TASK DIRECTIONS: When you copy the records, keep every word exact and leave the pictures out.

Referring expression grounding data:
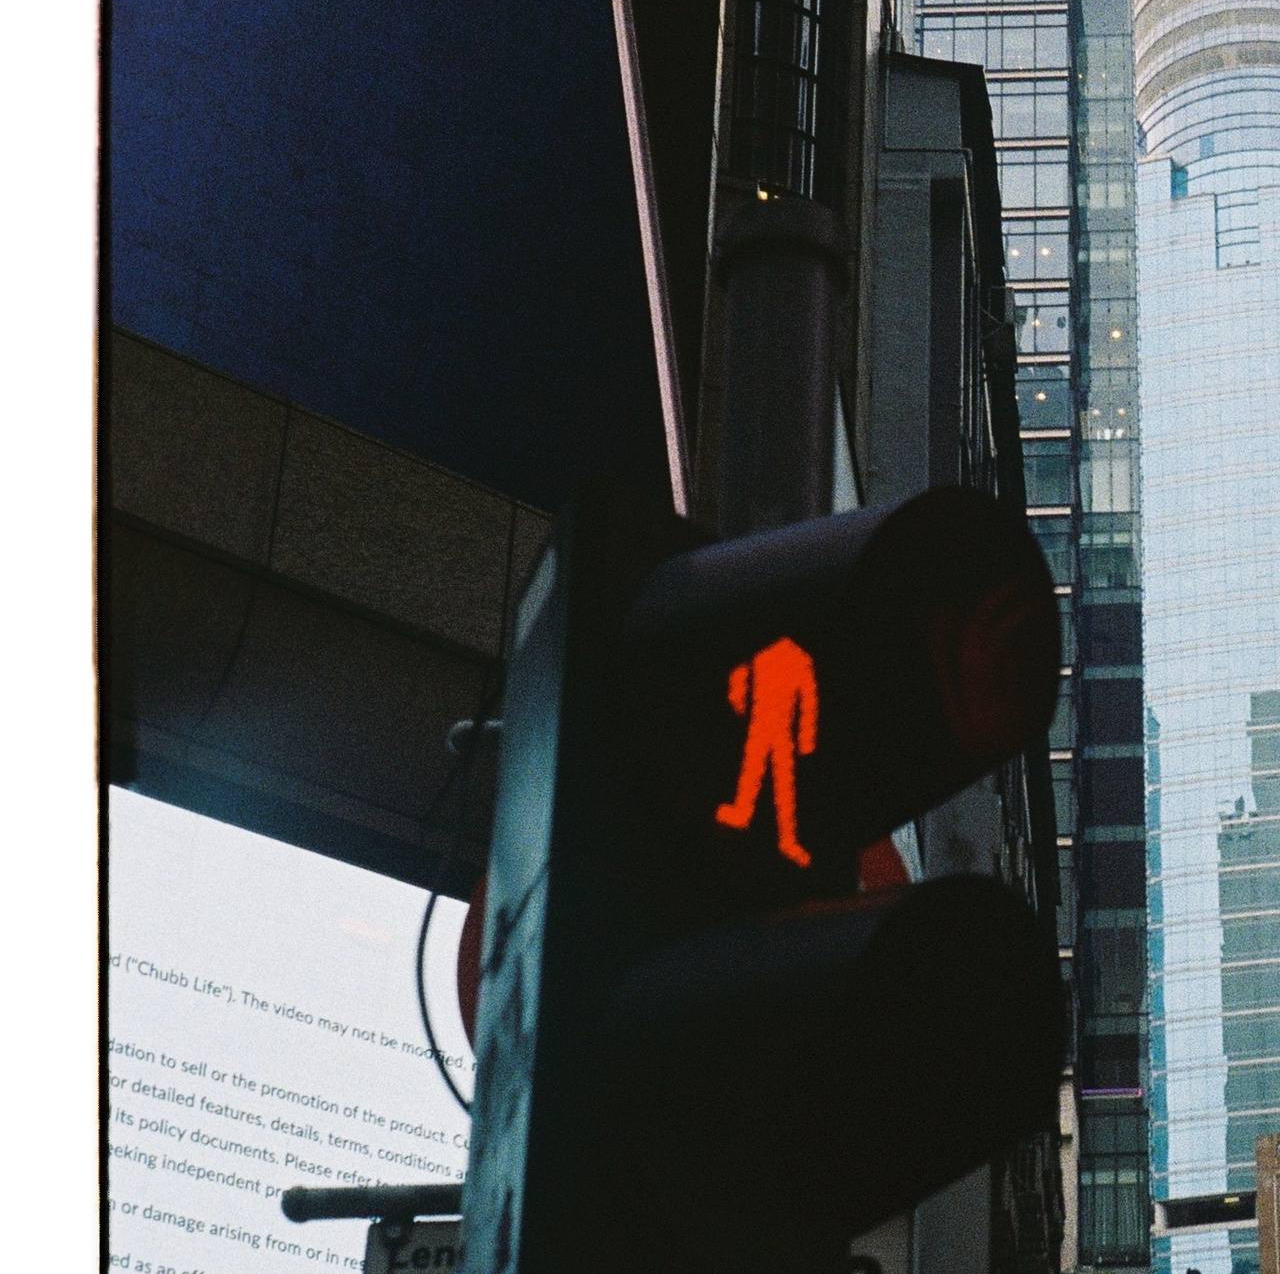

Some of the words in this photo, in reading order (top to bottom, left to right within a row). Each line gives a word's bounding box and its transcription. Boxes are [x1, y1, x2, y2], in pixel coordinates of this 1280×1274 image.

[241, 991, 269, 1012] The
[274, 1003, 313, 1025] video
[318, 1017, 349, 1037] may
[352, 1027, 376, 1044] not
[380, 1033, 398, 1049] be
[109, 1074, 127, 1088] or
[131, 1079, 195, 1108] detailed
[200, 1097, 266, 1129] features,
[271, 1117, 323, 1144] details,
[328, 1132, 372, 1158] terms,
[377, 1148, 451, 1176] conditions
[161, 1054, 176, 1069] to
[181, 1061, 207, 1077] sell
[211, 1070, 228, 1083] or
[232, 1075, 257, 1092] the
[261, 1084, 339, 1114] promotion
[343, 1106, 358, 1119] of
[362, 1110, 386, 1127] the
[390, 1119, 448, 1145] product.
[115, 1108, 133, 1126] its
[139, 1118, 186, 1142] policy
[190, 1129, 279, 1165] documents.
[285, 1153, 332, 1177] Please
[336, 1170, 371, 1187] refer
[162, 1154, 260, 1194] independent
[109, 1253, 131, 1269] ed
[135, 1260, 152, 1274] as
[121, 1202, 139, 1215] or
[142, 1205, 205, 1234] damage
[209, 1224, 261, 1250] arising
[266, 1234, 301, 1256] from
[306, 1247, 322, 1260] or
[326, 1248, 339, 1265] in
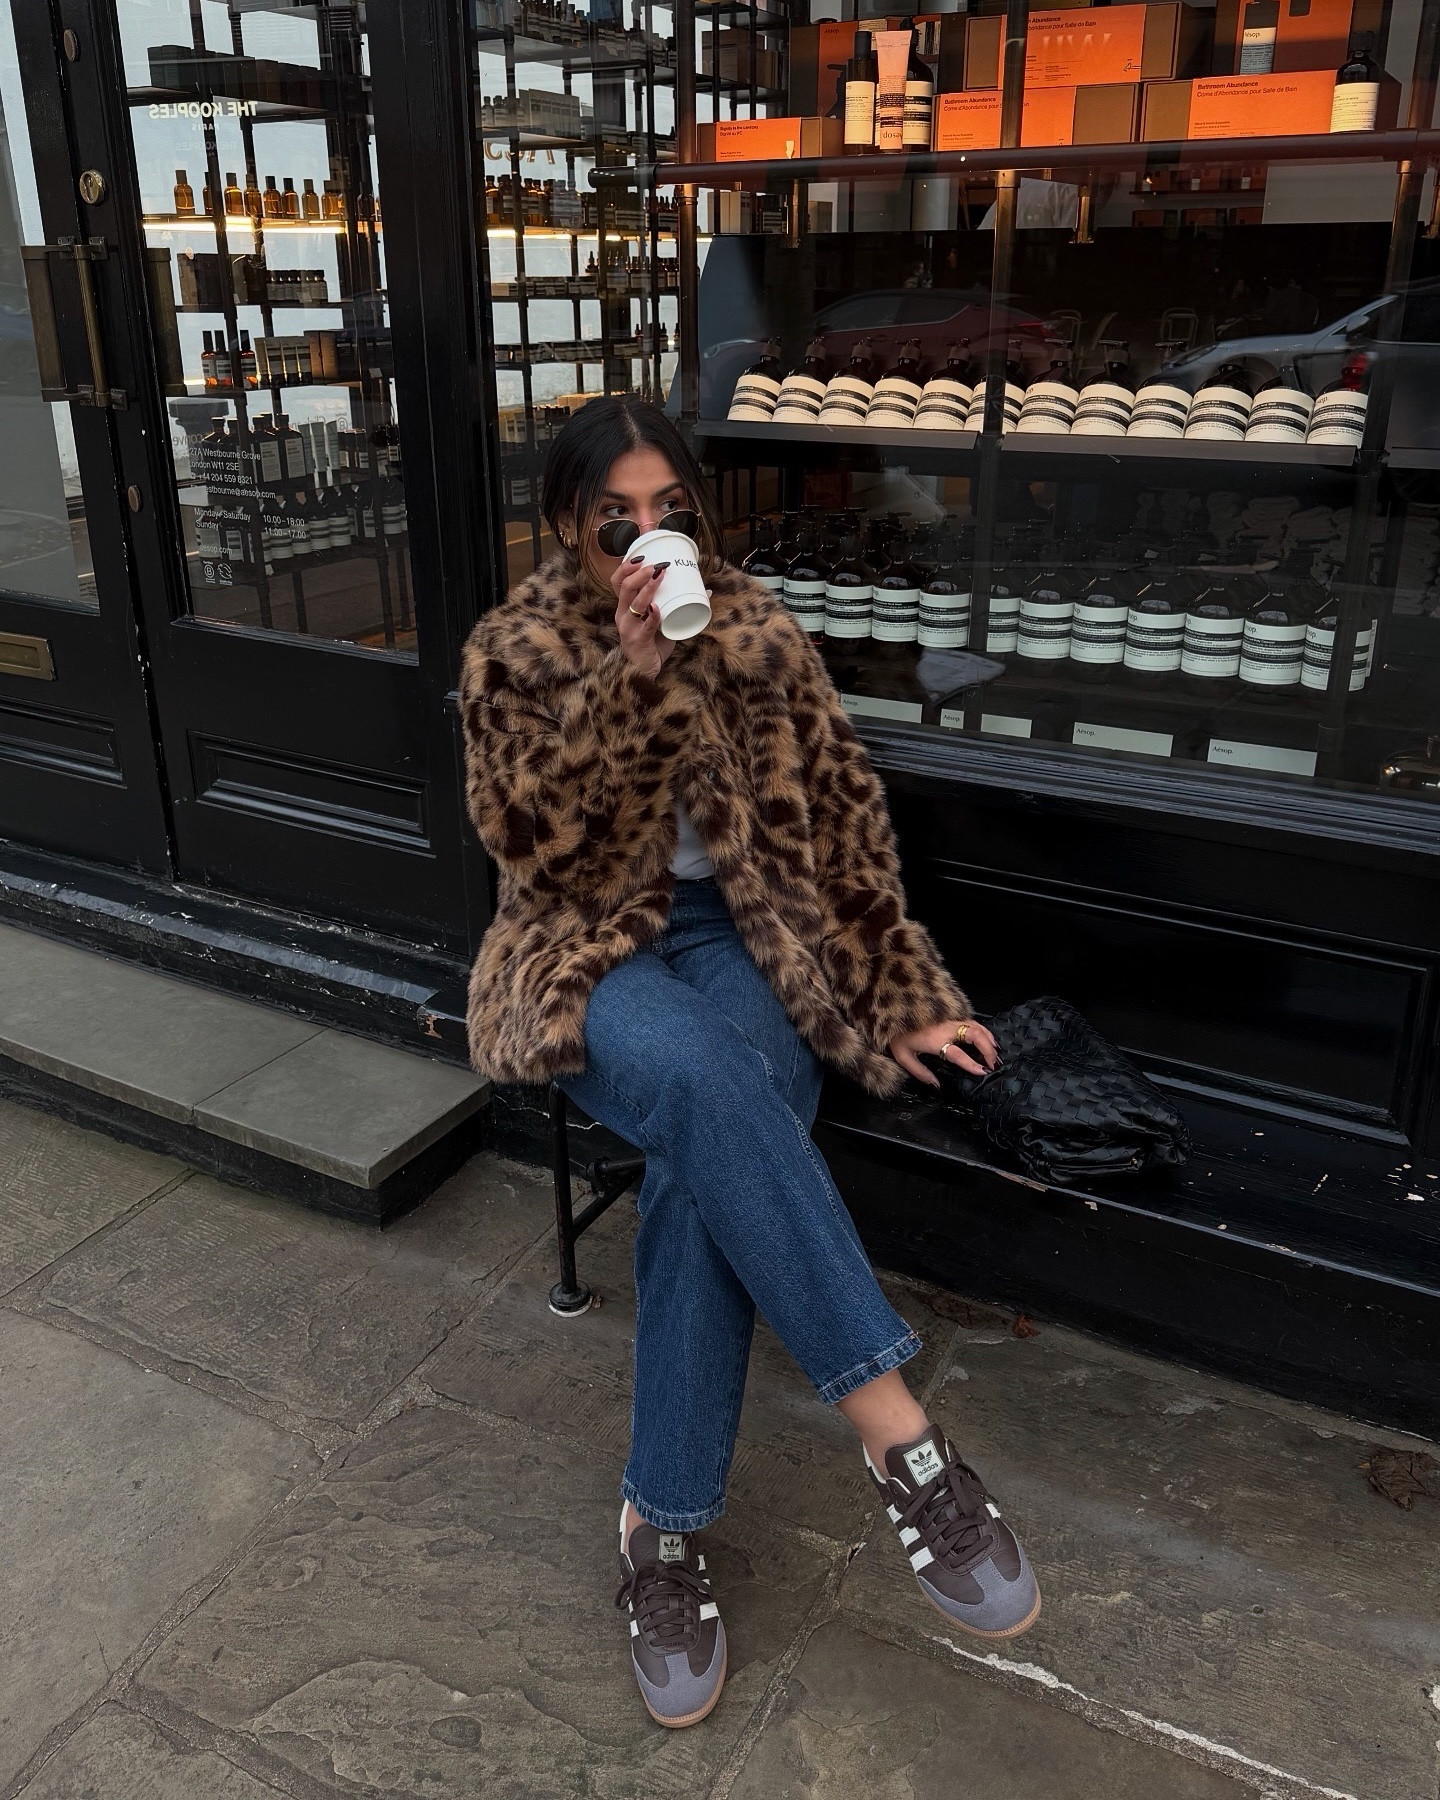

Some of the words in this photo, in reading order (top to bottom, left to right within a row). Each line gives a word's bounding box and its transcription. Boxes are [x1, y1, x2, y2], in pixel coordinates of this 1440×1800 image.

[1226, 81, 1259, 89] Abundance
[969, 96, 997, 104] Abundance
[203, 448, 240, 459] Westbourne
[241, 450, 261, 461] Grove
[211, 461, 224, 470] W11
[226, 462, 240, 471] 2SE
[211, 473, 223, 482] 204
[224, 474, 236, 483] 559
[204, 485, 276, 500] estbourne@aesop.com
[196, 519, 219, 531] Sunday
[917, 1462, 939, 1477] adidas
[662, 1552, 680, 1560] adidas

TASK RESULT:
Some of the words in this photo, in reading order (top to bottom, left to right within a row). Each line gives a word's bounding box and its transcription. Boxes are [x1, y1, x2, y2], in pixel coordinates of this 1280×1274 image.

[241, 991, 269, 1012] The
[274, 1003, 313, 1025] video
[318, 1017, 349, 1037] may
[352, 1027, 376, 1044] not
[380, 1033, 398, 1049] be
[109, 1074, 127, 1088] or
[131, 1079, 195, 1108] detailed
[200, 1097, 266, 1129] features,
[271, 1117, 323, 1144] details,
[328, 1132, 372, 1158] terms,
[377, 1148, 451, 1176] conditions
[161, 1054, 176, 1069] to
[181, 1061, 207, 1077] sell
[211, 1070, 228, 1083] or
[232, 1075, 257, 1092] the
[261, 1084, 339, 1114] promotion
[343, 1106, 358, 1119] of
[362, 1110, 386, 1127] the
[390, 1119, 448, 1145] product.
[115, 1108, 133, 1126] its
[139, 1118, 186, 1142] policy
[190, 1129, 279, 1165] documents.
[285, 1153, 332, 1177] Please
[336, 1170, 371, 1187] refer
[162, 1154, 260, 1194] independent
[109, 1253, 131, 1269] ed
[135, 1260, 152, 1274] as
[121, 1202, 139, 1215] or
[142, 1205, 205, 1234] damage
[209, 1224, 261, 1250] arising
[266, 1234, 301, 1256] from
[306, 1247, 322, 1260] or
[326, 1248, 339, 1265] in

Some of the words in this photo, in reading order (top to bottom, left to right within a row). Each line gives a word's bounding box and its transcription. Boxes are [x1, y1, x2, y2], in pixel coordinates of this 1440×1800 image.

[1226, 81, 1259, 89] Abundance
[969, 96, 997, 104] Abundance
[203, 448, 240, 459] Westbourne
[241, 450, 261, 461] Grove
[211, 461, 224, 470] W11
[226, 462, 240, 471] 2SE
[211, 473, 223, 482] 204
[224, 474, 236, 483] 559
[204, 485, 276, 500] estbourne@aesop.com
[196, 519, 219, 531] Sunday
[917, 1462, 939, 1477] adidas
[662, 1552, 680, 1560] adidas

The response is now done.